The instructions posted seem to allow only one app which is mapped to the root of the server. How can I instantiate several different apps located in different directories and publicly differentiate them by url rather than by port number?

Thanks for your help.

John Miller
 
Last edited:

xing

LiteSpeed Staff
#4
When using Mongrel with LiteSpeed, just think of Mongrel as a http proxy server. So create "proxy" external apps, and create "contexts" to map url to the correct "proxy"/mongrel backend.

There is a litespeed how-to on mongrel's website:

http://mongrel.rubyforge.org/docs/litespeed.html

Two things to note:

1) In the above how-to, initial request timeout is way too low. 1 second is not practical. 15-30 seconds is more like it unless you entire db is ram based.

2) Understand that Mongrel is a http server and much slower http server than litespeed. With this in mind, you do not want Mongrel to handle static images/css/etc. Create a static context in lsws with higher priority (lower number) context in lsws to point to the static files/folders so that LiteSpeed handle all static content while only dynamic rail requests is routed to Mongrel backend.

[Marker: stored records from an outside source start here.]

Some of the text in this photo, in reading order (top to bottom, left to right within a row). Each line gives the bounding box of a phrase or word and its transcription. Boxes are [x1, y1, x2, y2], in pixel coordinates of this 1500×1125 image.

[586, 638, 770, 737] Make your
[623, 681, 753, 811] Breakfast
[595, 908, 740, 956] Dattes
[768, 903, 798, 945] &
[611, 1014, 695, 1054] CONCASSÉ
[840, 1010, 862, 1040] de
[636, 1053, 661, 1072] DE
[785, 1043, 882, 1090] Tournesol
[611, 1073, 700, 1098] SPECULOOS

We will update our wiki for sure.
 

mistwang

LiteSpeed Staff
#5
To mount a Rails application at a URL other than the document root, using /typo/ as an example, you need to define a static context /typo/ pointing to <railapp>/public/ folder, define a LSAPI context with URI /typo/dispatch.lsapi, instead of using it as a 404 handler, you have to add context level rewrite rules, you can just copy those rules in the .htaccess under public folder of that application, replace "dispatch.rb" or "dispatch.fcgi" with "dispatch.lsapi".

Also, you need to change the route configuration for the Rails application to fix the "unknow route" error if any.